Required work ->
Copy out the records precisely, omitting pictures.

Provided entries ->
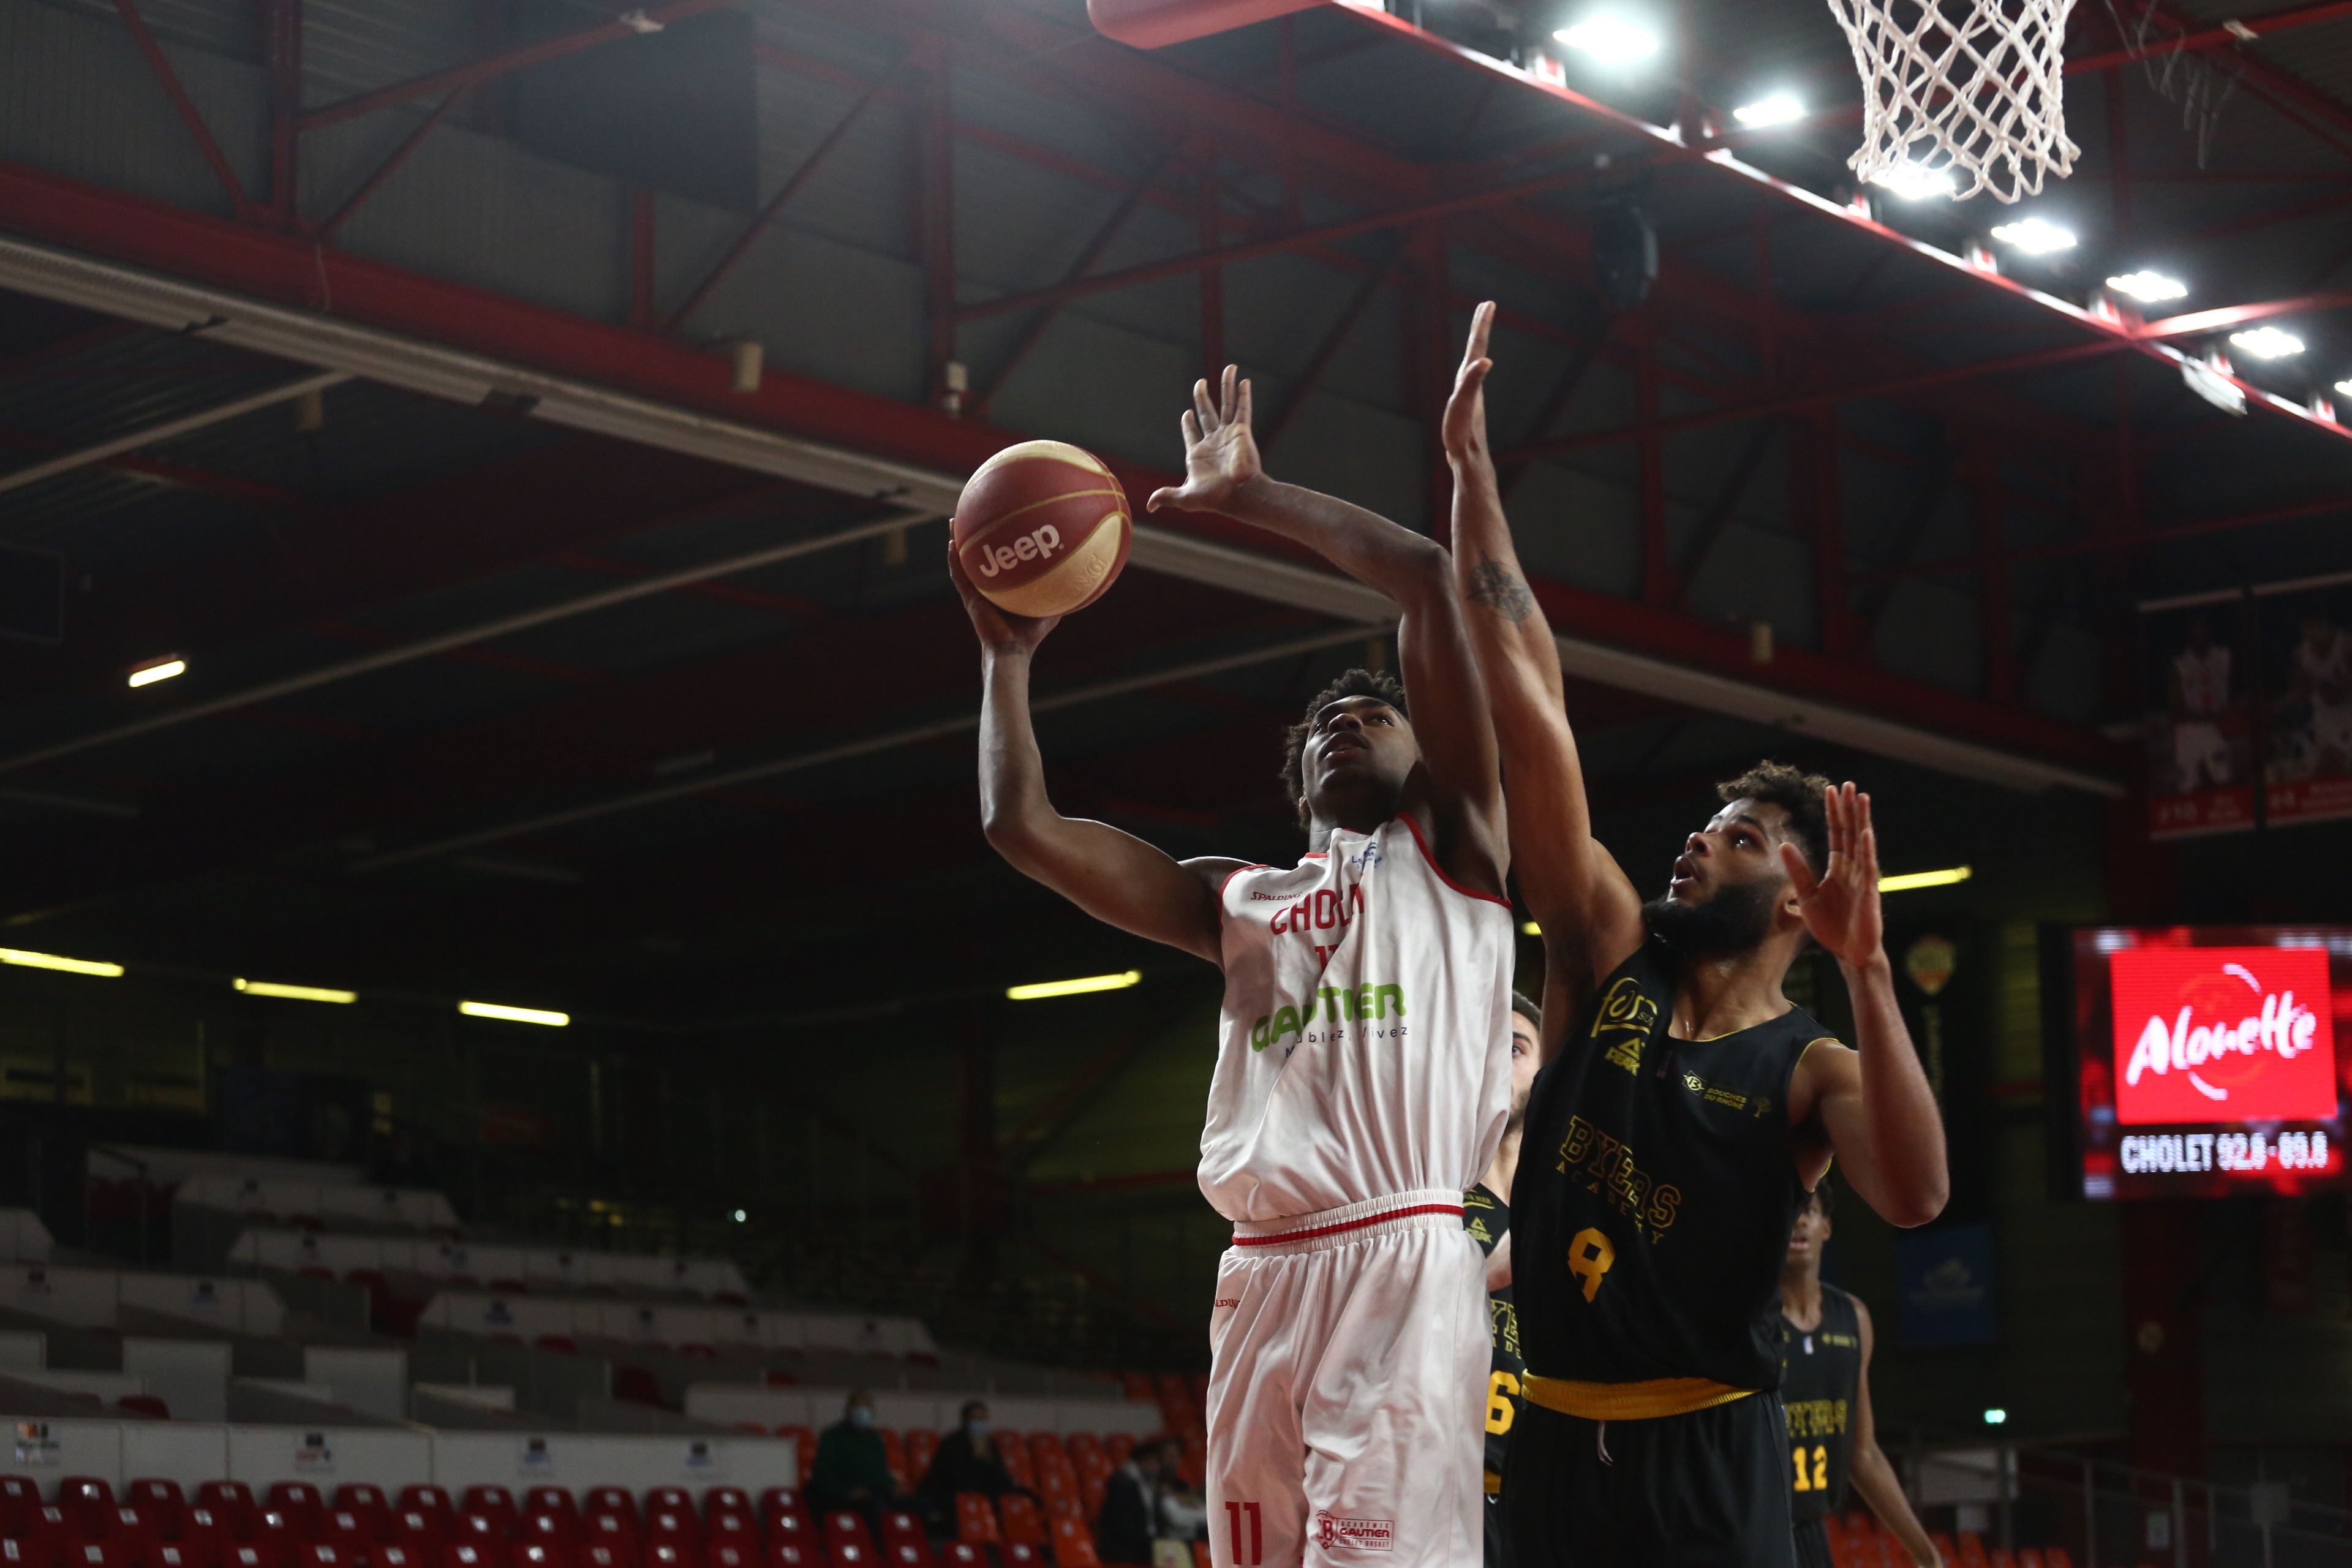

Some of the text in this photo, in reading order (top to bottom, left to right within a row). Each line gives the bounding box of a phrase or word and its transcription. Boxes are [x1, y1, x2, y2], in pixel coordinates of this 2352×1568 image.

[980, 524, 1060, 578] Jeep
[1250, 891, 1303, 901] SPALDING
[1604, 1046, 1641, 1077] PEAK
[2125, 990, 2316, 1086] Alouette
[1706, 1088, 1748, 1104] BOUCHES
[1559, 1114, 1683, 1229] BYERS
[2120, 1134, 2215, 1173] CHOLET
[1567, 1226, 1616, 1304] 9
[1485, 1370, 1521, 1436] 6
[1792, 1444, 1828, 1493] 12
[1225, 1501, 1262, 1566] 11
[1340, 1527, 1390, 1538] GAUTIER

Task answer ->
Some of the text in this photo, in reading order (top to bottom, left to right within a row). Each line gives the bounding box of a phrase or word and its transcription. Boxes are [x1, y1, x2, y2], in pixel coordinates of this 2352×1568 image.

[980, 524, 1060, 578] Jeep
[1250, 891, 1303, 901] SPALDING
[1604, 1046, 1641, 1077] PEAK
[2125, 990, 2316, 1086] Alouette
[1706, 1088, 1748, 1104] BOUCHES
[1559, 1114, 1683, 1229] BYERS
[2120, 1134, 2215, 1173] CHOLET
[1567, 1226, 1616, 1304] 9
[1485, 1370, 1521, 1436] 6
[1792, 1444, 1828, 1493] 12
[1225, 1501, 1262, 1566] 11
[1340, 1527, 1390, 1538] GAUTIER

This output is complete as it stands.